Exercise details.
Write out the entries exactly. None of the pictures should appear in the copy.

Data supplied.
——————

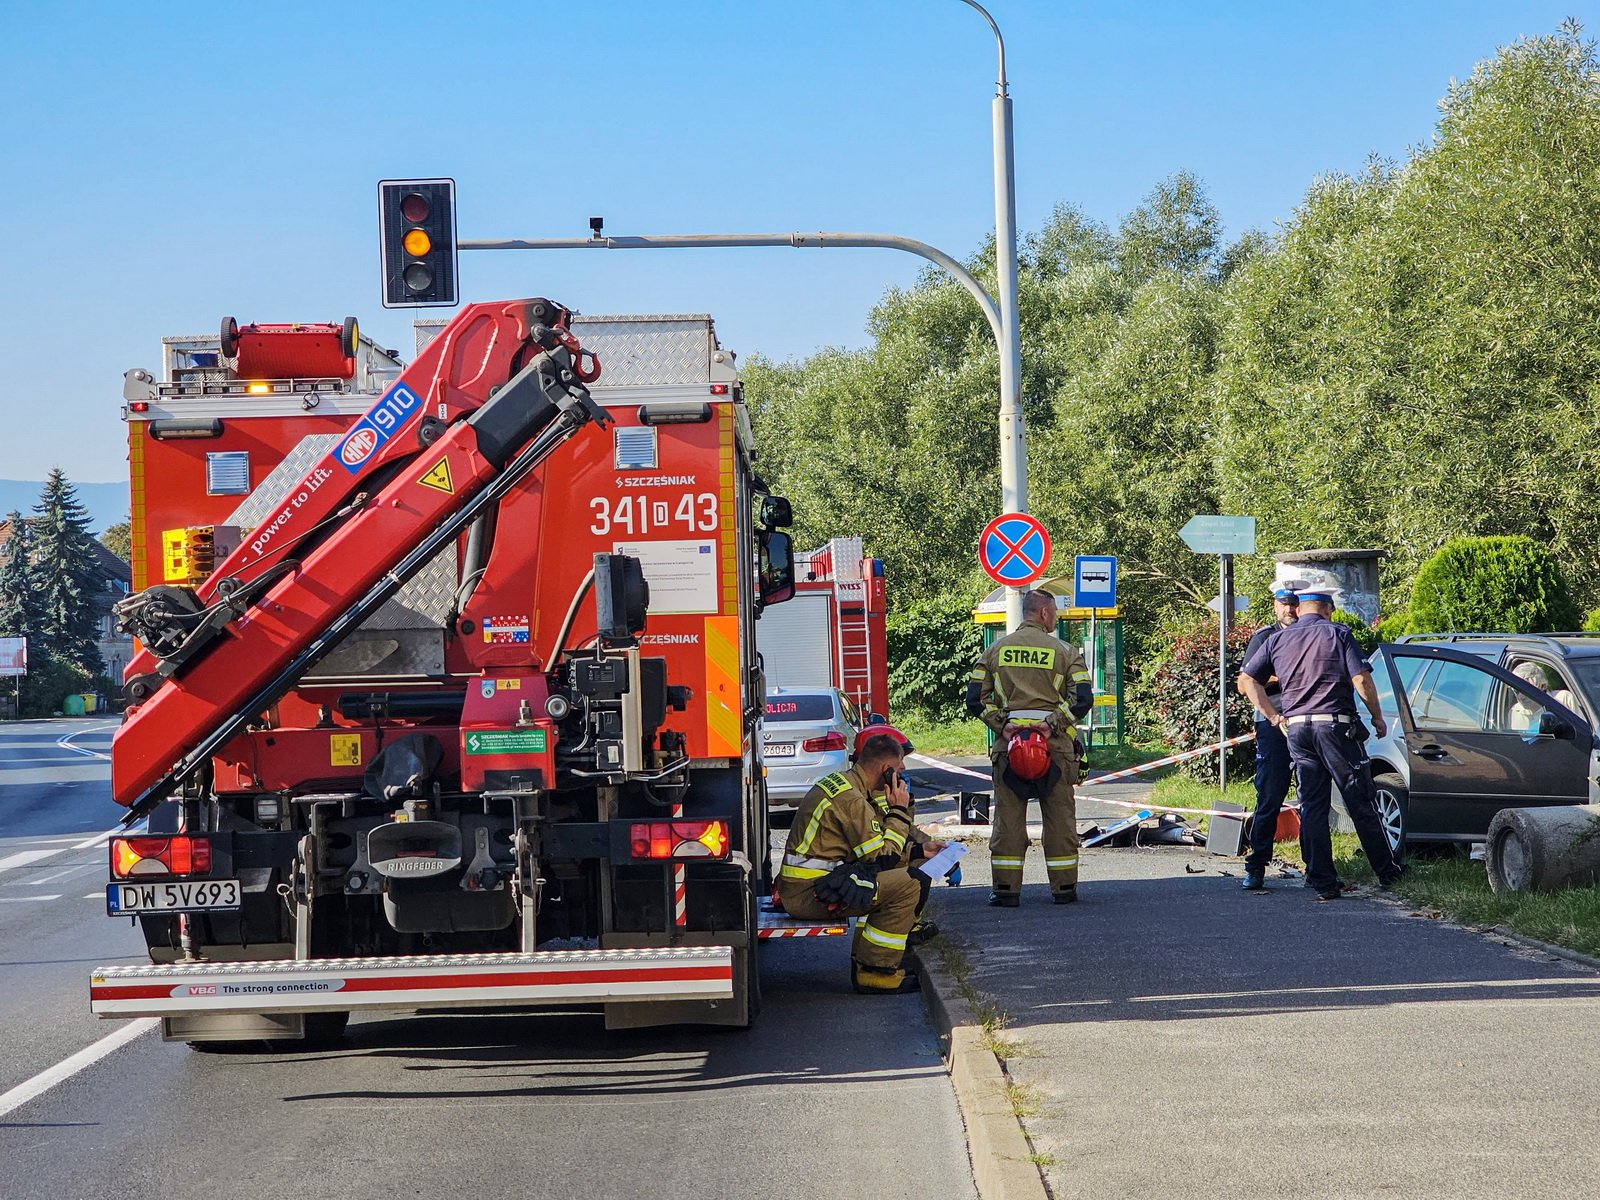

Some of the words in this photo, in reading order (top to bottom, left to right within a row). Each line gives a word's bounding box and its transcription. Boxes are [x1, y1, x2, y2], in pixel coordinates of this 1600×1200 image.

[374, 387, 415, 430] 910
[343, 431, 375, 462] HMF
[624, 475, 696, 488] SZCZĘŚNIAK
[590, 496, 648, 535] 341
[674, 492, 718, 532] 43
[250, 506, 293, 555] power
[291, 490, 309, 511] to
[639, 633, 699, 646] CZĘŚNIAK
[766, 702, 797, 714] OLICJA
[387, 859, 444, 872] RINGFEDER
[123, 887, 156, 909] DW
[165, 883, 236, 906] 5V693
[190, 985, 216, 995] VBG
[223, 984, 239, 994] The
[243, 984, 274, 995] strong
[277, 981, 329, 993] connection
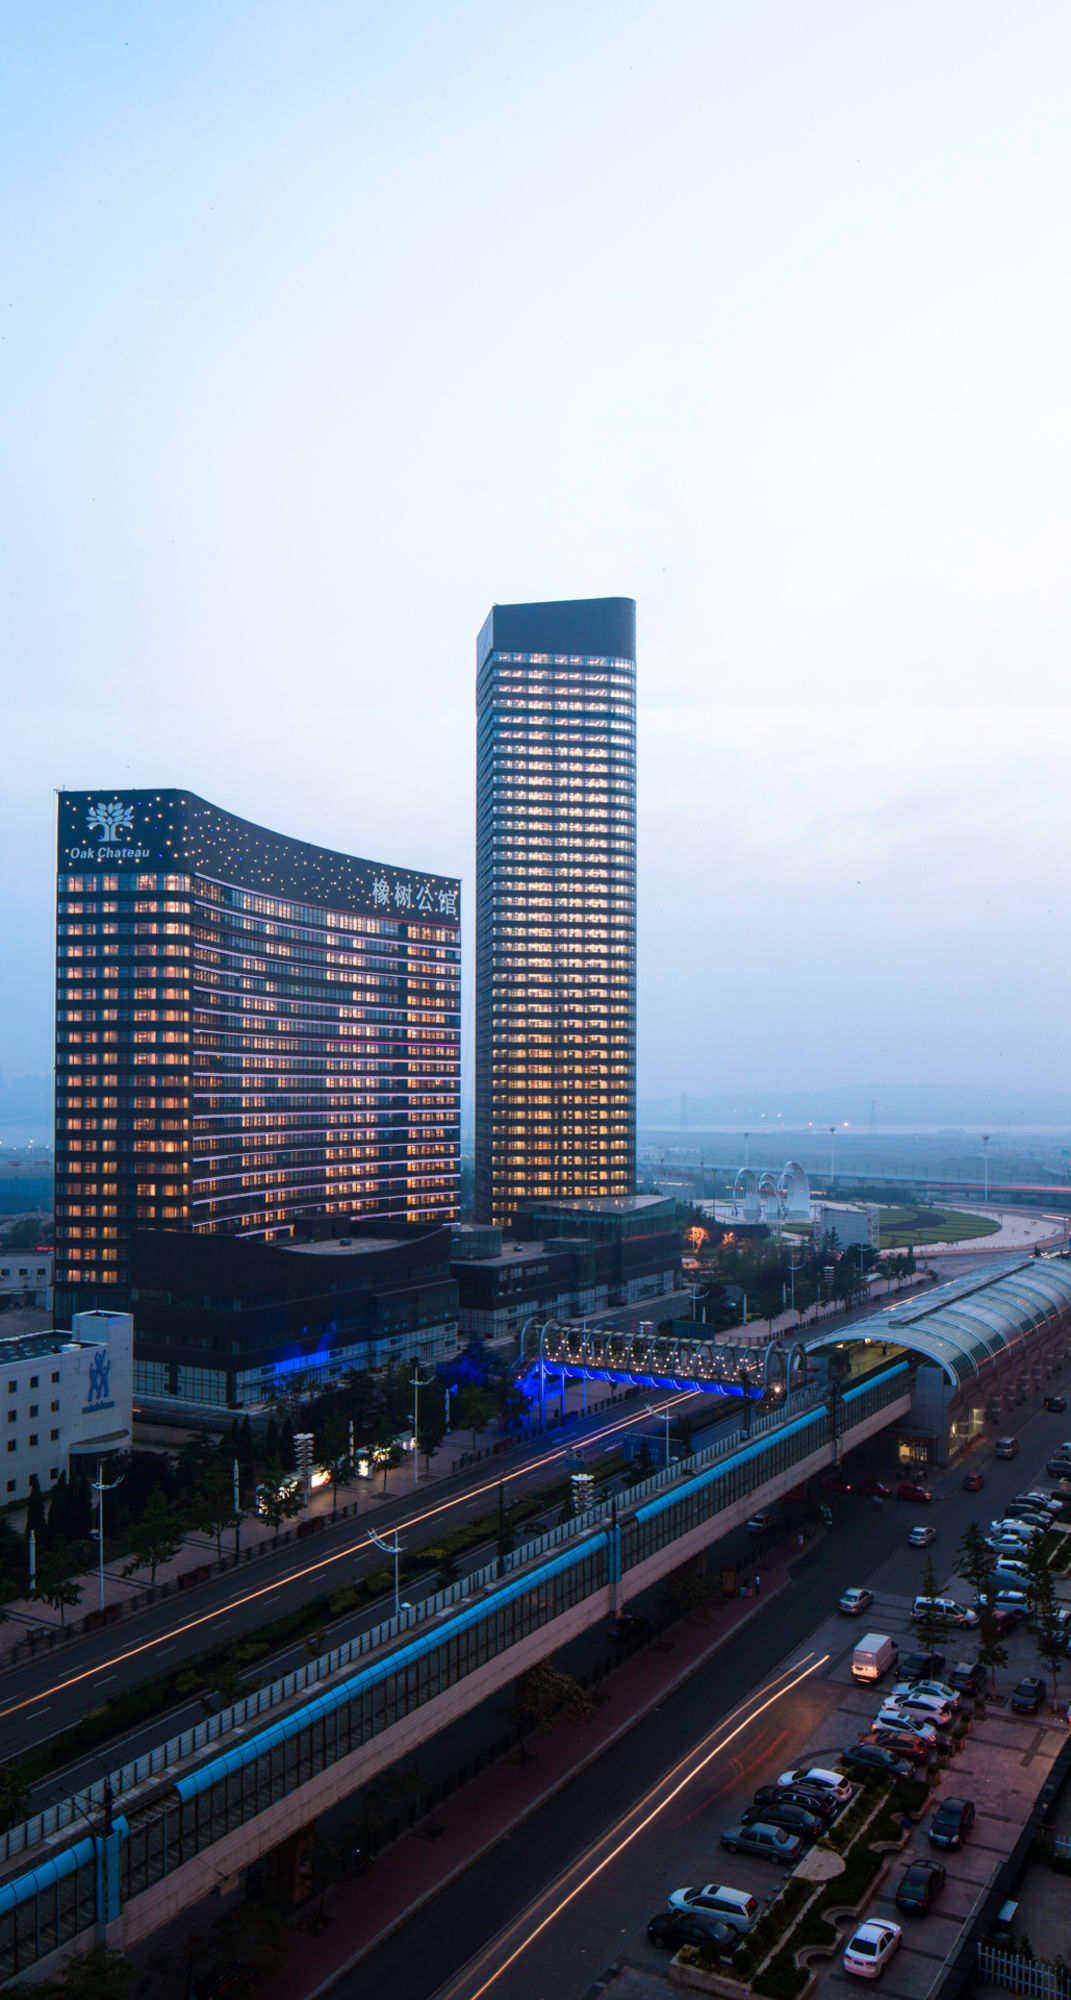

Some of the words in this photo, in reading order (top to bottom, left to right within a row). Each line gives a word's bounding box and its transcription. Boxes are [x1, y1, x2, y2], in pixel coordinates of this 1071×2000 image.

——————

Task output.
Some of the words in this photo, in reading order (top to bottom, left to right within a row). Each line gives a word's bounding box and its transcription. Boxes are [x1, y1, x2, y2], in pixel coordinates of this 1600×1200 image.

[374, 387, 415, 430] 910
[343, 431, 375, 462] HMF
[624, 475, 696, 488] SZCZĘŚNIAK
[590, 496, 648, 535] 341
[674, 492, 718, 532] 43
[250, 506, 293, 555] power
[291, 490, 309, 511] to
[639, 633, 699, 646] CZĘŚNIAK
[766, 702, 797, 714] OLICJA
[387, 859, 444, 872] RINGFEDER
[123, 887, 156, 909] DW
[165, 883, 236, 906] 5V693
[190, 985, 216, 995] VBG
[223, 984, 239, 994] The
[243, 984, 274, 995] strong
[277, 981, 329, 993] connection

Some of the words in this photo, in reading order (top to bottom, left to right within a row). Each line gives a word's bounding box and its transcription. Boxes are [x1, y1, x2, y2], in pixel coordinates of this 1071×2000 image.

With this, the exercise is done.